Your answer must consist solely of the line containing "this 2350×1568 image." and all subsequent lines through the end of the entries, reproduced exactly.

DATA SUPPLIED:
•••
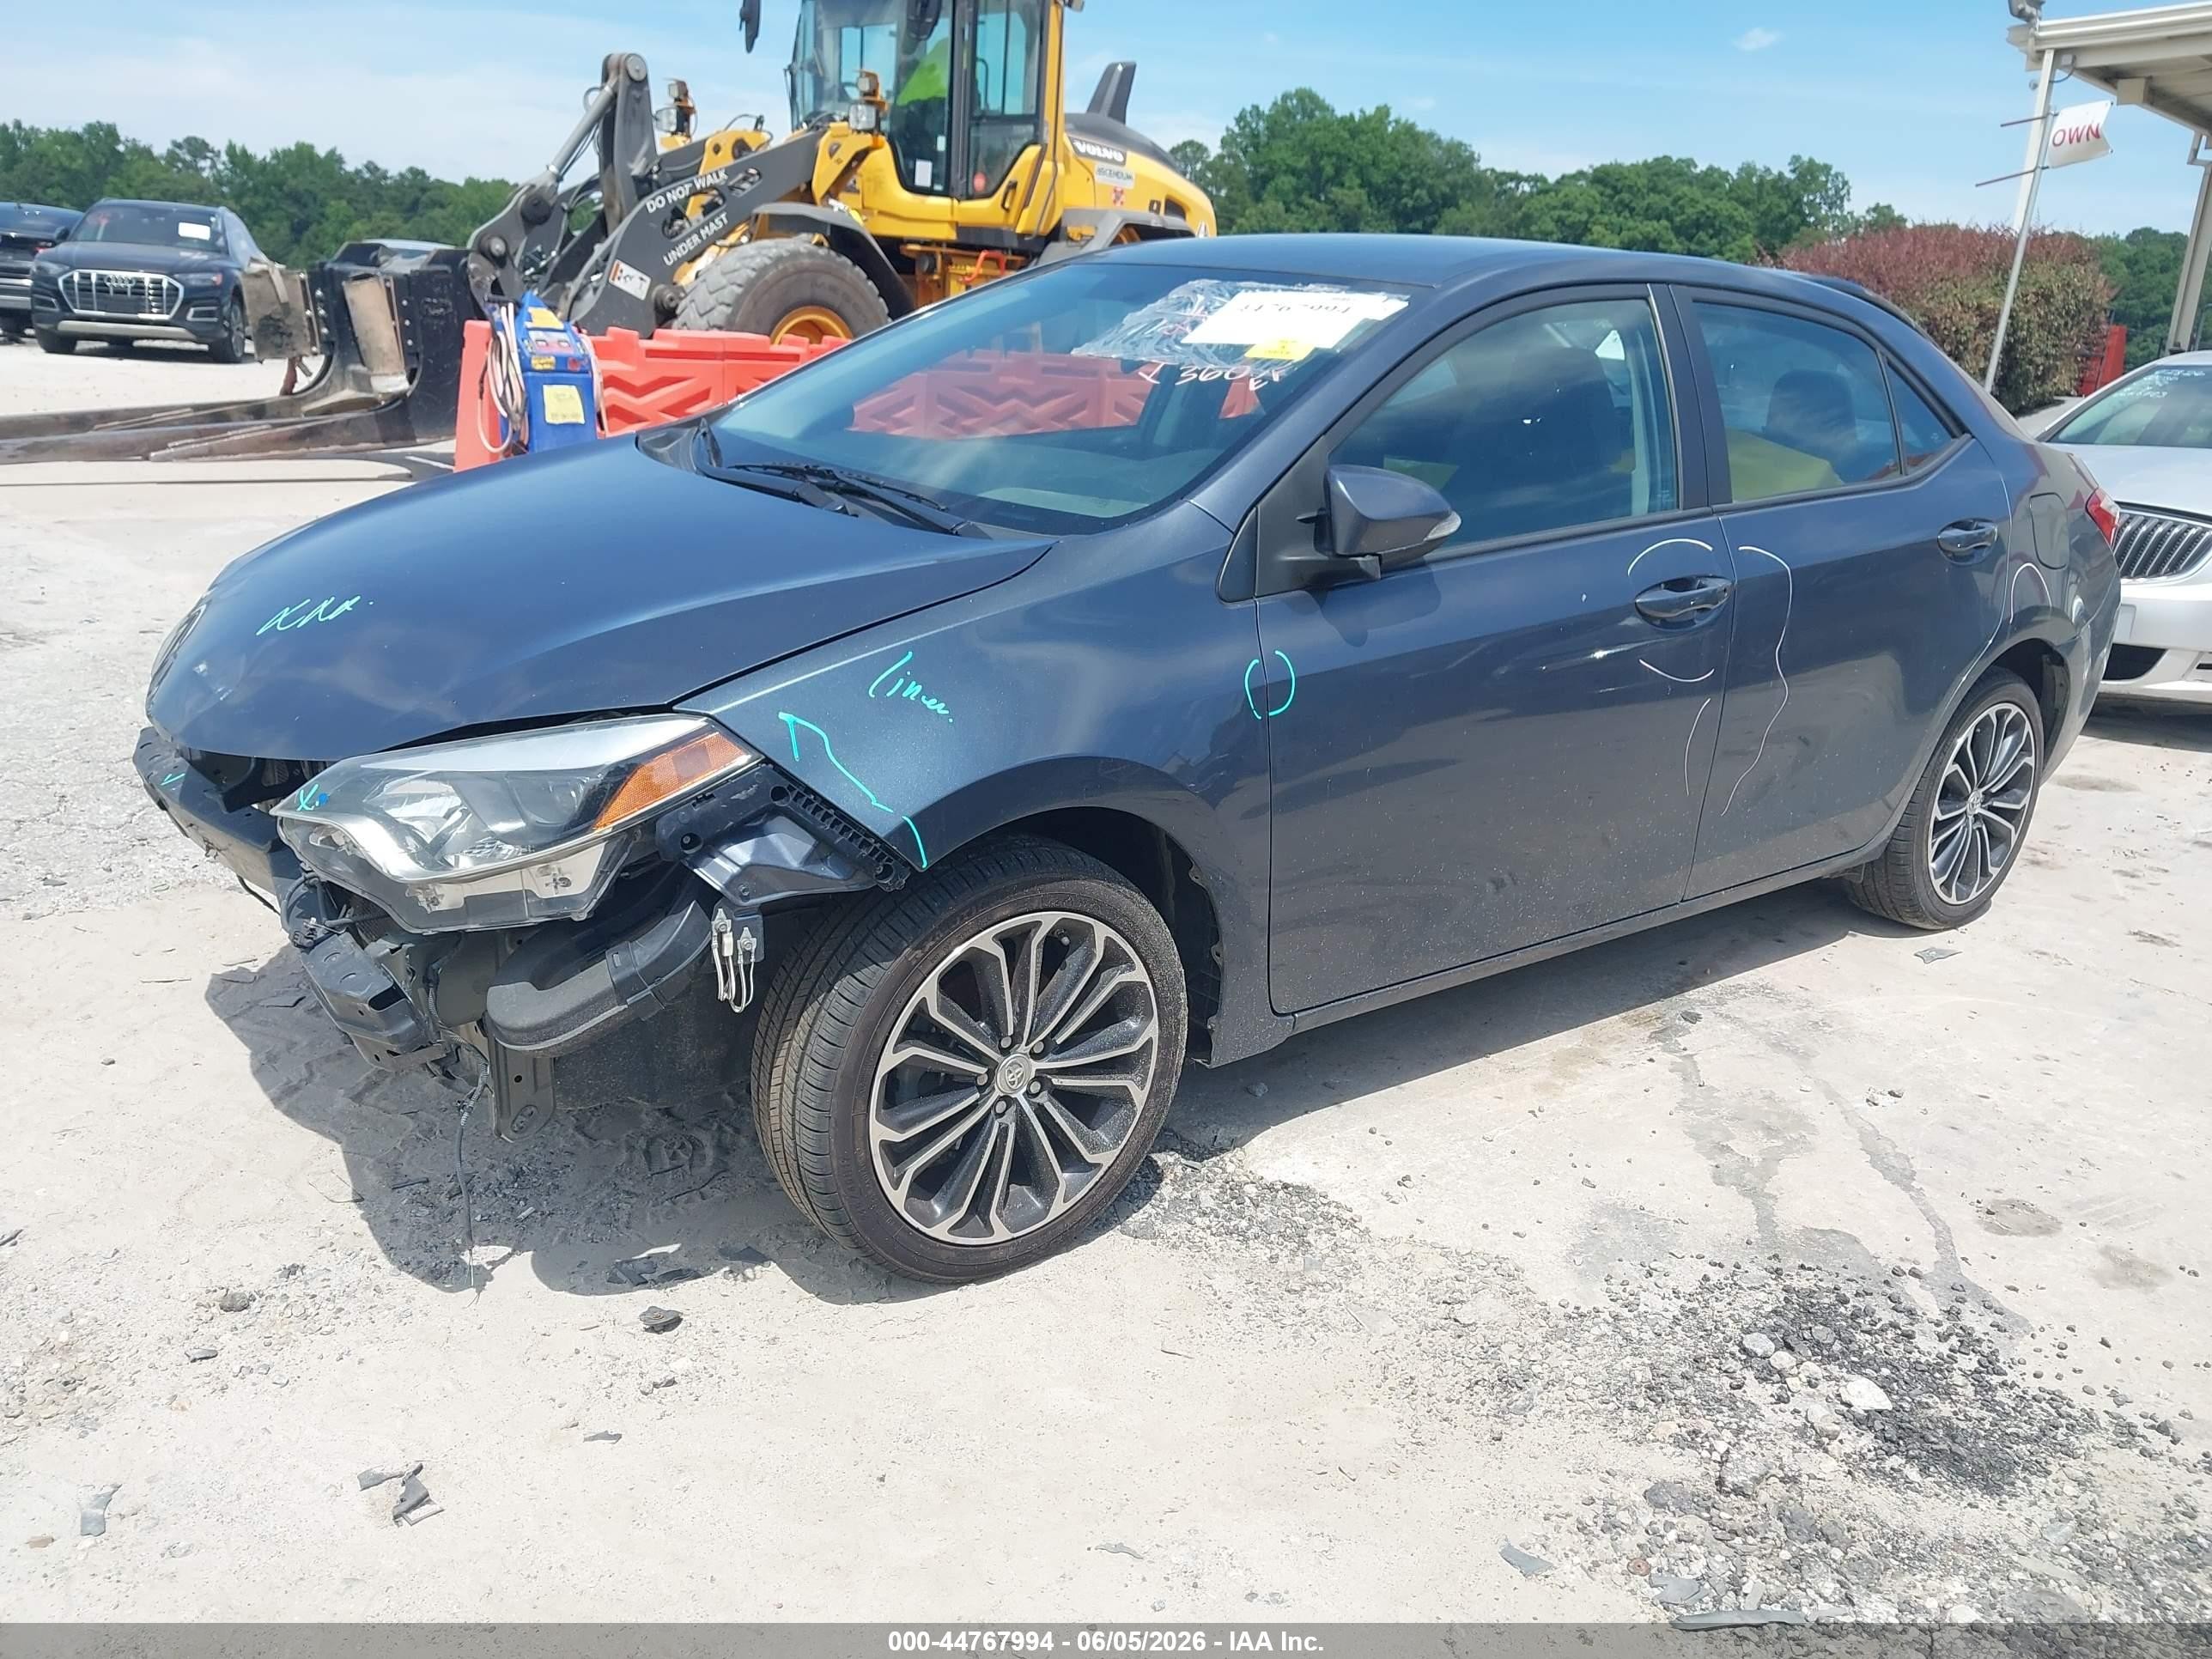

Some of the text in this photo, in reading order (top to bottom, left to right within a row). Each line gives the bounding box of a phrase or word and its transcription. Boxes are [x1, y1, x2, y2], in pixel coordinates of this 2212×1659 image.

[1073, 139, 1125, 162] VOLVO
[2052, 123, 2101, 147] OWN
[646, 168, 729, 214] DO NOT WALK
[662, 212, 729, 265] UNDER MAST
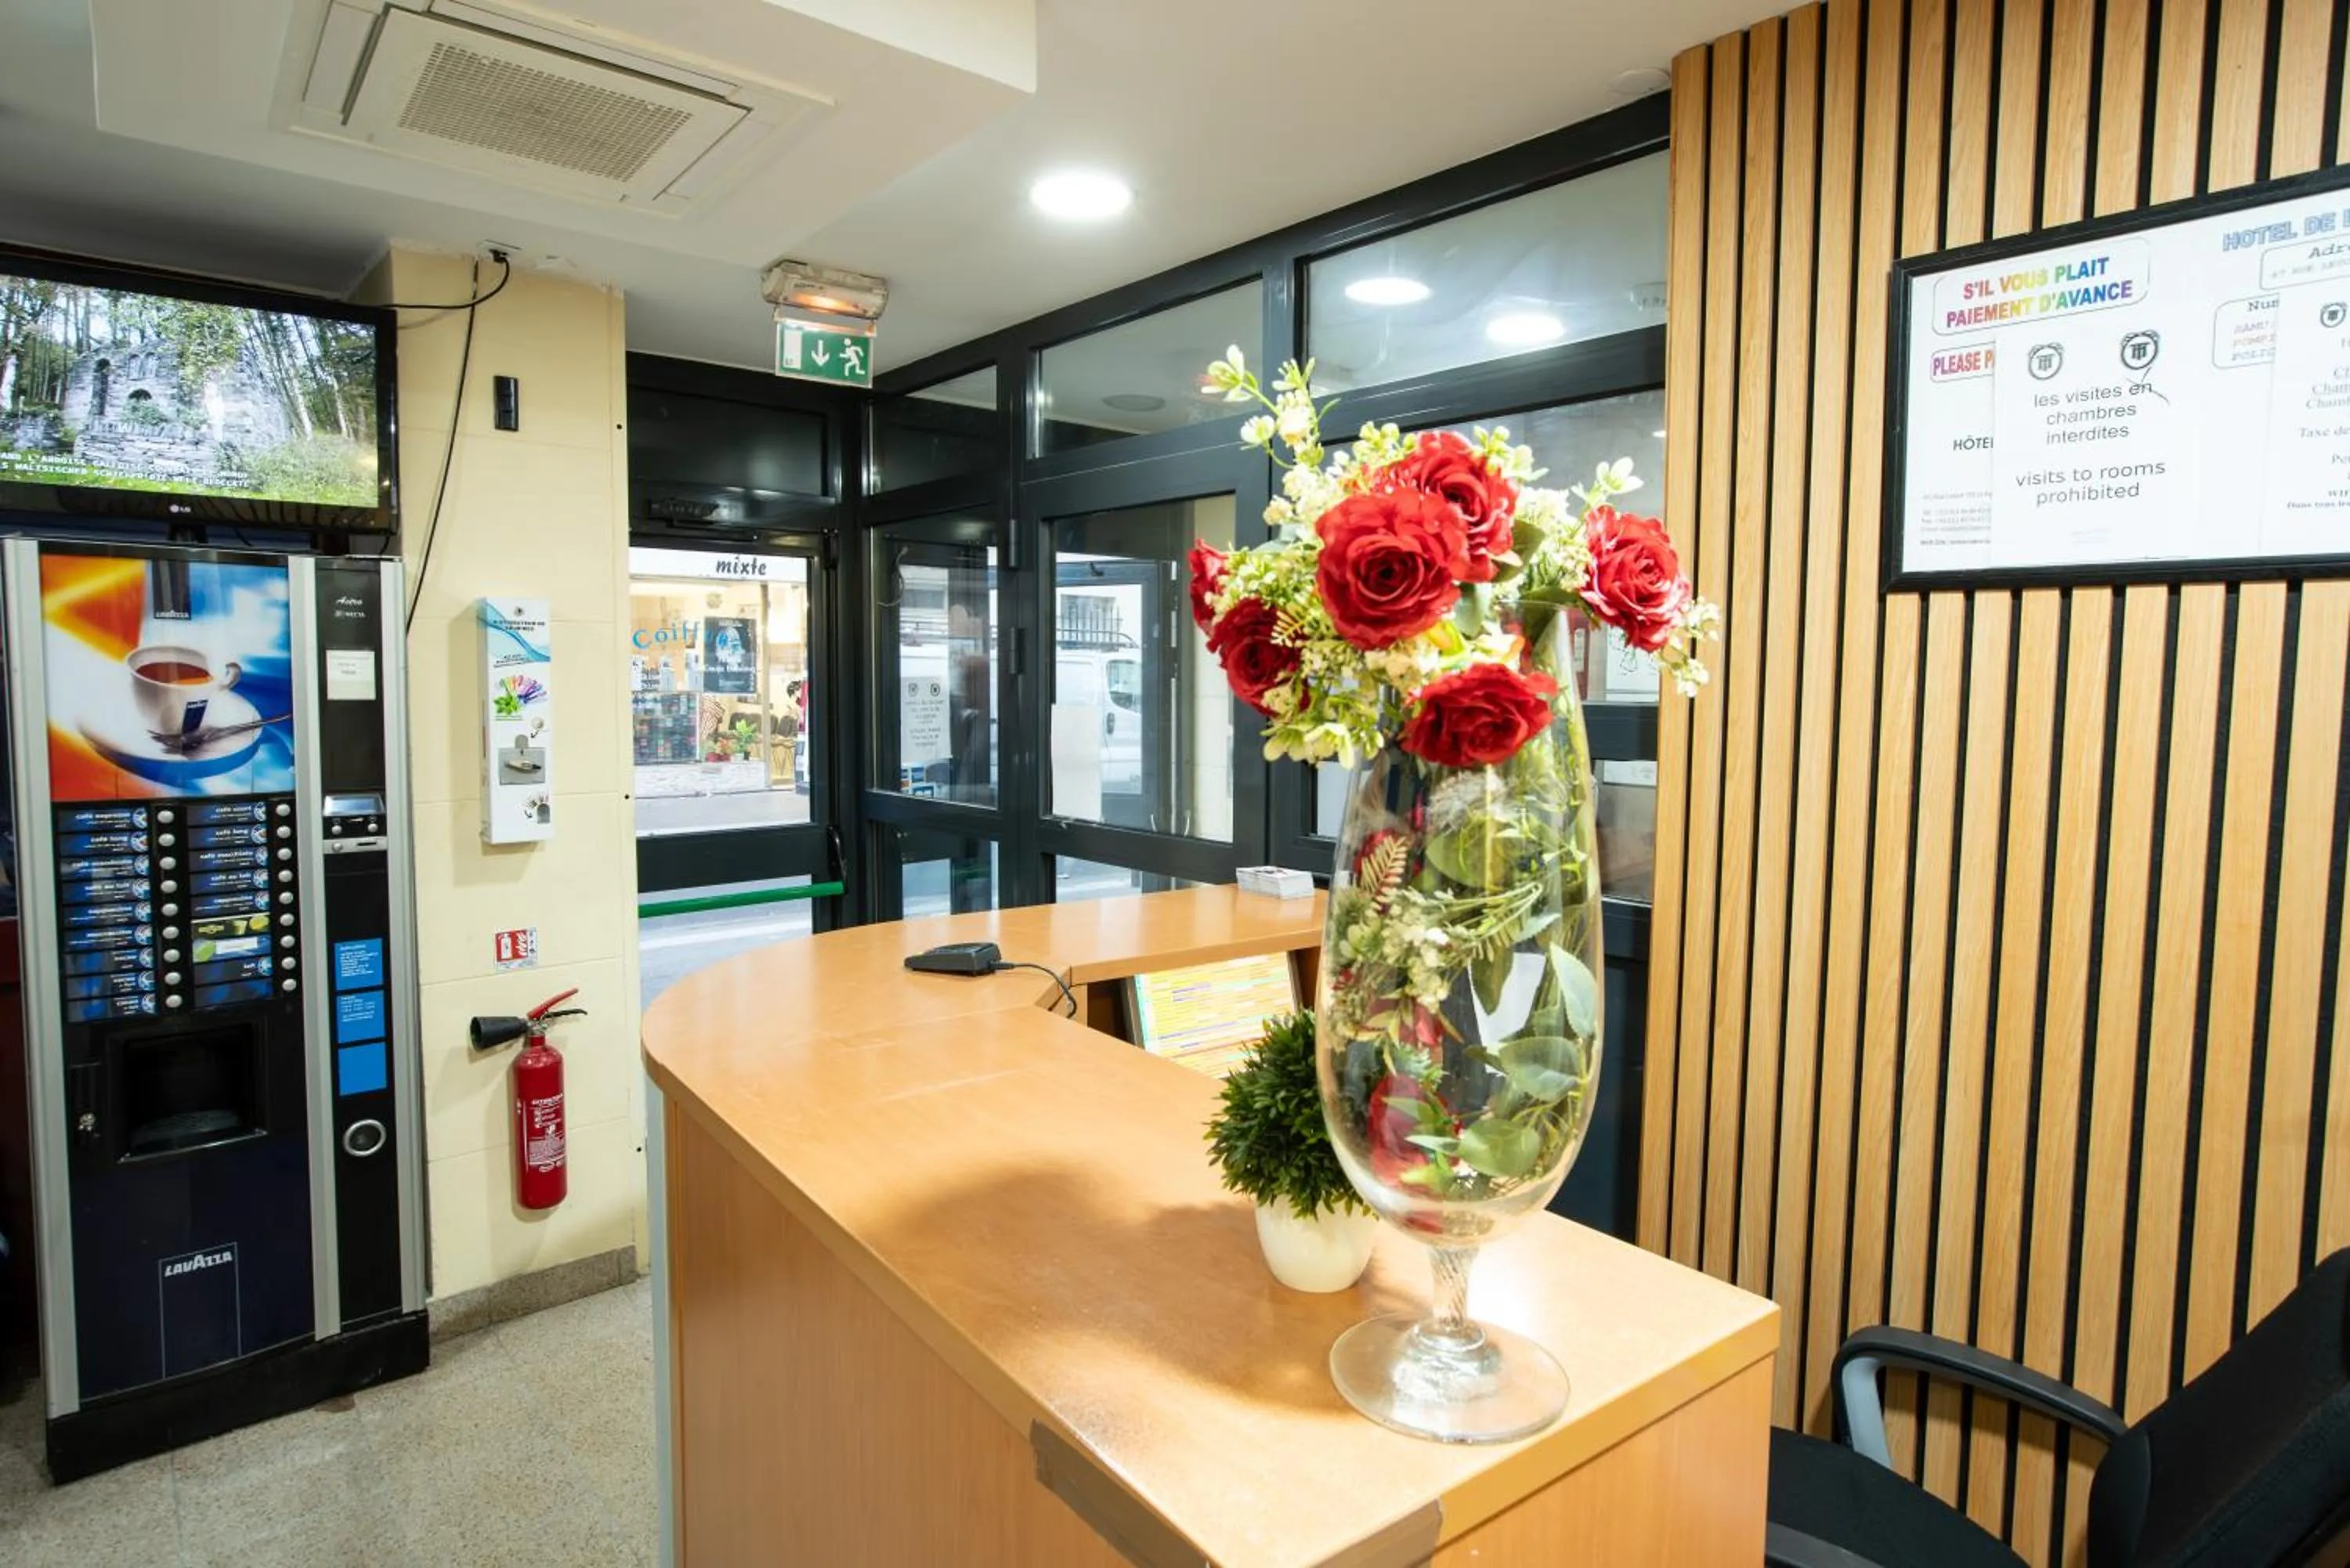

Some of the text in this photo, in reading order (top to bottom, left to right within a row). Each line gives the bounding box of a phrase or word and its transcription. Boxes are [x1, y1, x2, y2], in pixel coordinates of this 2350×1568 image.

[2222, 221, 2298, 251] HOTEL
[2304, 212, 2337, 236] DE
[1963, 257, 2110, 300] S'IL VOUS PLAIT
[1946, 280, 2133, 328] PAIEMENT D'AVANCE
[1932, 352, 1981, 376] PLEASE
[2034, 382, 2153, 408] les visites en
[2046, 404, 2138, 426] chambres
[2046, 425, 2130, 446] interdites
[2016, 462, 2167, 486] visits to rooms
[2037, 482, 2140, 508] prohibited
[715, 555, 767, 576] mixte
[164, 1251, 233, 1277] LAVAZZA
•••
WRITTEN REPLY:
Some of the text in this photo, in reading order (top to bottom, left to right within a row). Each line gives the bounding box of a phrase or word and its transcription. Boxes are [x1, y1, x2, y2], in pixel coordinates of this 2350×1568 image.

[2222, 221, 2298, 251] HOTEL
[2304, 212, 2337, 236] DE
[1963, 257, 2110, 300] S'IL VOUS PLAIT
[1946, 280, 2133, 328] PAIEMENT D'AVANCE
[1932, 352, 1981, 376] PLEASE
[2034, 382, 2153, 408] les visites en
[2046, 404, 2138, 426] chambres
[2046, 425, 2130, 446] interdites
[2016, 462, 2167, 486] visits to rooms
[2037, 482, 2140, 508] prohibited
[715, 555, 767, 576] mixte
[164, 1251, 233, 1277] LAVAZZA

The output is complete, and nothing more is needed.